#### Exercise objective
The reply has to contain each record exactly as written.

Records supplied section start

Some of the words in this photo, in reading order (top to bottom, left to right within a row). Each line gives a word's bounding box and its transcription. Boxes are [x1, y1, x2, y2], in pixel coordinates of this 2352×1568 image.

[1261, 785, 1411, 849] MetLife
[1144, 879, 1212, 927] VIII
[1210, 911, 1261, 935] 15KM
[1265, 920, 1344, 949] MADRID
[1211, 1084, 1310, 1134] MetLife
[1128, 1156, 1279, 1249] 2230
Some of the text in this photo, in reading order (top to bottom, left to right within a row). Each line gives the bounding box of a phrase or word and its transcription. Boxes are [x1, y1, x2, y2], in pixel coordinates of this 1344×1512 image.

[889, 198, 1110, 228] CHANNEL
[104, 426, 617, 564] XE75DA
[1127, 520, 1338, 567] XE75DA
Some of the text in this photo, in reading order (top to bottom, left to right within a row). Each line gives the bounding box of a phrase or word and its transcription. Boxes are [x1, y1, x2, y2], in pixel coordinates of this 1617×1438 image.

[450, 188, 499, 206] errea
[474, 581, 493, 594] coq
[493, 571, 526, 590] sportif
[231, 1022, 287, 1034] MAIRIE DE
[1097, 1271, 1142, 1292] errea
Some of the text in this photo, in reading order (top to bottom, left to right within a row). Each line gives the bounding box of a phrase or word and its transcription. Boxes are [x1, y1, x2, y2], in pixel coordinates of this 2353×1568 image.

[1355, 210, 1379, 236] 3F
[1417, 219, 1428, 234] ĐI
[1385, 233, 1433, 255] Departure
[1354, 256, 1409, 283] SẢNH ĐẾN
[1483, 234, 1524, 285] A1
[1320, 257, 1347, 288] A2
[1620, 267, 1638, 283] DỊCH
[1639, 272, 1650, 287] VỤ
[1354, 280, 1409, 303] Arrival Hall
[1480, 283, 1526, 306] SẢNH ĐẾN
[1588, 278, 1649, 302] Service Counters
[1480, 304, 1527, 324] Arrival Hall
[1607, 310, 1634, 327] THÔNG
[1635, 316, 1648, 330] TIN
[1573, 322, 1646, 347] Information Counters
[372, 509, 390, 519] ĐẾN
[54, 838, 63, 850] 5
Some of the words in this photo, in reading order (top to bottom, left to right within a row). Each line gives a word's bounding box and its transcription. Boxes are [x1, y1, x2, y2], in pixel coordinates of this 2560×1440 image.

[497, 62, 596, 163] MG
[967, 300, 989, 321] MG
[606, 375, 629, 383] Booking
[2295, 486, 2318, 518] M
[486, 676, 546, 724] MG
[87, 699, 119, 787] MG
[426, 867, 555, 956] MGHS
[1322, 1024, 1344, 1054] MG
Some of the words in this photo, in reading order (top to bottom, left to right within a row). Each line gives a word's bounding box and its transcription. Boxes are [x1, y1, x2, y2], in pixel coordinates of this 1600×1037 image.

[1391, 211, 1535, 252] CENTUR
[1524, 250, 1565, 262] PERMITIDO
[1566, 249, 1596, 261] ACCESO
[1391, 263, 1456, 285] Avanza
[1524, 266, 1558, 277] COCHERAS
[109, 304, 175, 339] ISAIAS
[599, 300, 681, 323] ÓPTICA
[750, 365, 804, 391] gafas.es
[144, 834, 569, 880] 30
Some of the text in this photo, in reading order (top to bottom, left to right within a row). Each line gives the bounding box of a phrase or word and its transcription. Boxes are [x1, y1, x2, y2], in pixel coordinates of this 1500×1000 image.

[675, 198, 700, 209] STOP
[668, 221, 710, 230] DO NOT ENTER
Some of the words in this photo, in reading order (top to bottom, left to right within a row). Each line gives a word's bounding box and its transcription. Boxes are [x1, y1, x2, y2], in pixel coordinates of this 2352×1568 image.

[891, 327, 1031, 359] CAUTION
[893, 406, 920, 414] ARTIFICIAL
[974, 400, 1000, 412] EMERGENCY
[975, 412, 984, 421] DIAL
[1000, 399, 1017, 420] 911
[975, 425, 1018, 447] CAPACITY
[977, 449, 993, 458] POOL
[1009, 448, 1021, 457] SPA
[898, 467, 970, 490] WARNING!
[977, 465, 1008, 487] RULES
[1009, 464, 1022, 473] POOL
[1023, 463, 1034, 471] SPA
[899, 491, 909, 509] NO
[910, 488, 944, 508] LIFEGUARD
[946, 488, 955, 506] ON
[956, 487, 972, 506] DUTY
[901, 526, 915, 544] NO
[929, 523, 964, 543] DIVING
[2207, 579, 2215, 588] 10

Records supplied section end

#### Response area
Some of the words in this photo, in reading order (top to bottom, left to right within a row). Each line gives a word's bounding box and its transcription. Boxes are [x1, y1, x2, y2], in pixel coordinates of this 2352×1568 image.

[1261, 785, 1411, 849] MetLife
[1144, 879, 1212, 927] VIII
[1210, 911, 1261, 935] 15KM
[1265, 920, 1344, 949] MADRID
[1211, 1084, 1310, 1134] MetLife
[1128, 1156, 1279, 1249] 2230
Some of the text in this photo, in reading order (top to bottom, left to right within a row). Each line gives the bounding box of a phrase or word and its transcription. Boxes are [x1, y1, x2, y2], in pixel coordinates of this 1344×1512 image.

[889, 198, 1110, 228] CHANNEL
[104, 426, 617, 564] XE75DA
[1127, 520, 1338, 567] XE75DA
Some of the text in this photo, in reading order (top to bottom, left to right within a row). Each line gives the bounding box of a phrase or word and its transcription. Boxes are [x1, y1, x2, y2], in pixel coordinates of this 1617×1438 image.

[450, 188, 499, 206] errea
[474, 581, 493, 594] coq
[493, 571, 526, 590] sportif
[231, 1022, 287, 1034] MAIRIE DE
[1097, 1271, 1142, 1292] errea
Some of the text in this photo, in reading order (top to bottom, left to right within a row). Each line gives the bounding box of a phrase or word and its transcription. Boxes are [x1, y1, x2, y2], in pixel coordinates of this 2353×1568 image.

[1355, 210, 1379, 236] 3F
[1417, 219, 1428, 234] ĐI
[1385, 233, 1433, 255] Departure
[1354, 256, 1409, 283] SẢNH ĐẾN
[1483, 234, 1524, 285] A1
[1320, 257, 1347, 288] A2
[1620, 267, 1638, 283] DỊCH
[1639, 272, 1650, 287] VỤ
[1354, 280, 1409, 303] Arrival Hall
[1480, 283, 1526, 306] SẢNH ĐẾN
[1588, 278, 1649, 302] Service Counters
[1480, 304, 1527, 324] Arrival Hall
[1607, 310, 1634, 327] THÔNG
[1635, 316, 1648, 330] TIN
[1573, 322, 1646, 347] Information Counters
[372, 509, 390, 519] ĐẾN
[54, 838, 63, 850] 5
Some of the words in this photo, in reading order (top to bottom, left to right within a row). Each line gives a word's bounding box and its transcription. Boxes are [x1, y1, x2, y2], in pixel coordinates of this 2560×1440 image.

[497, 62, 596, 163] MG
[967, 300, 989, 321] MG
[606, 375, 629, 383] Booking
[2295, 486, 2318, 518] M
[486, 676, 546, 724] MG
[87, 699, 119, 787] MG
[426, 867, 555, 956] MGHS
[1322, 1024, 1344, 1054] MG
Some of the words in this photo, in reading order (top to bottom, left to right within a row). Each line gives a word's bounding box and its transcription. Boxes are [x1, y1, x2, y2], in pixel coordinates of this 1600×1037 image.

[1391, 211, 1535, 252] CENTUR
[1524, 250, 1565, 262] PERMITIDO
[1566, 249, 1596, 261] ACCESO
[1391, 263, 1456, 285] Avanza
[1524, 266, 1558, 277] COCHERAS
[109, 304, 175, 339] ISAIAS
[599, 300, 681, 323] ÓPTICA
[750, 365, 804, 391] gafas.es
[144, 834, 569, 880] 30
Some of the text in this photo, in reading order (top to bottom, left to right within a row). Each line gives the bounding box of a phrase or word and its transcription. Boxes are [x1, y1, x2, y2], in pixel coordinates of this 1500×1000 image.

[675, 198, 700, 209] STOP
[668, 221, 710, 230] DO NOT ENTER
Some of the words in this photo, in reading order (top to bottom, left to right within a row). Each line gives a word's bounding box and its transcription. Boxes are [x1, y1, x2, y2], in pixel coordinates of this 2352×1568 image.

[891, 327, 1031, 359] CAUTION
[893, 406, 920, 414] ARTIFICIAL
[974, 400, 1000, 412] EMERGENCY
[975, 412, 984, 421] DIAL
[1000, 399, 1017, 420] 911
[975, 425, 1018, 447] CAPACITY
[977, 449, 993, 458] POOL
[1009, 448, 1021, 457] SPA
[898, 467, 970, 490] WARNING!
[977, 465, 1008, 487] RULES
[1009, 464, 1022, 473] POOL
[1023, 463, 1034, 471] SPA
[899, 491, 909, 509] NO
[910, 488, 944, 508] LIFEGUARD
[946, 488, 955, 506] ON
[956, 487, 972, 506] DUTY
[901, 526, 915, 544] NO
[929, 523, 964, 543] DIVING
[2207, 579, 2215, 588] 10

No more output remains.